**Collection entries**
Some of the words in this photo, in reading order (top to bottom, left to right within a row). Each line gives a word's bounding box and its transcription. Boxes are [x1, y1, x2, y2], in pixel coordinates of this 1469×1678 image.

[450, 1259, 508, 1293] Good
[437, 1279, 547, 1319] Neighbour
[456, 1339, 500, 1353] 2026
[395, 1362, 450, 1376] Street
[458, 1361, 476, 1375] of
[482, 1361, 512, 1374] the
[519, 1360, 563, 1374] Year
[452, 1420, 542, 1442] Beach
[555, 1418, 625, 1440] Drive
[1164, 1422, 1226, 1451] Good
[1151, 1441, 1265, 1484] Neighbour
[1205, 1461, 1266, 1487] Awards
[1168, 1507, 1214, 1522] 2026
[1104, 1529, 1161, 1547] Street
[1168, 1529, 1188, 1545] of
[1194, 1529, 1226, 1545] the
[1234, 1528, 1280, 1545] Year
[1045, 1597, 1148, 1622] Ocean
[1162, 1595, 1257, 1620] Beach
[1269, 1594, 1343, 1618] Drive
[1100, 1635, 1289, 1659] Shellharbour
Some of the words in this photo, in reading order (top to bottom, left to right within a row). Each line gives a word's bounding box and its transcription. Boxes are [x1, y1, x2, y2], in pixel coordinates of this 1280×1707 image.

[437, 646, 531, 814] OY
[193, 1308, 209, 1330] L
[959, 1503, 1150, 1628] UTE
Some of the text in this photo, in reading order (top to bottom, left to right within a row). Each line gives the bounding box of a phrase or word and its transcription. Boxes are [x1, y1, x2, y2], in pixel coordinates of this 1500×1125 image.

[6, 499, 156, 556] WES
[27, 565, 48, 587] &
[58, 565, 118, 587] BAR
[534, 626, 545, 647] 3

**Your task**
The complete set of entries is to be restated word for word.

**Exercise response**
Some of the words in this photo, in reading order (top to bottom, left to right within a row). Each line gives a word's bounding box and its transcription. Boxes are [x1, y1, x2, y2], in pixel coordinates of this 1469×1678 image.

[450, 1259, 508, 1293] Good
[437, 1279, 547, 1319] Neighbour
[456, 1339, 500, 1353] 2026
[395, 1362, 450, 1376] Street
[458, 1361, 476, 1375] of
[482, 1361, 512, 1374] the
[519, 1360, 563, 1374] Year
[452, 1420, 542, 1442] Beach
[555, 1418, 625, 1440] Drive
[1164, 1422, 1226, 1451] Good
[1151, 1441, 1265, 1484] Neighbour
[1205, 1461, 1266, 1487] Awards
[1168, 1507, 1214, 1522] 2026
[1104, 1529, 1161, 1547] Street
[1168, 1529, 1188, 1545] of
[1194, 1529, 1226, 1545] the
[1234, 1528, 1280, 1545] Year
[1045, 1597, 1148, 1622] Ocean
[1162, 1595, 1257, 1620] Beach
[1269, 1594, 1343, 1618] Drive
[1100, 1635, 1289, 1659] Shellharbour
Some of the words in this photo, in reading order (top to bottom, left to right within a row). Each line gives a word's bounding box and its transcription. Boxes are [x1, y1, x2, y2], in pixel coordinates of this 1280×1707 image.

[437, 646, 531, 814] OY
[193, 1308, 209, 1330] L
[959, 1503, 1150, 1628] UTE
Some of the text in this photo, in reading order (top to bottom, left to right within a row). Each line gives the bounding box of a phrase or word and its transcription. Boxes are [x1, y1, x2, y2], in pixel coordinates of this 1500×1125 image.

[6, 499, 156, 556] WES
[27, 565, 48, 587] &
[58, 565, 118, 587] BAR
[534, 626, 545, 647] 3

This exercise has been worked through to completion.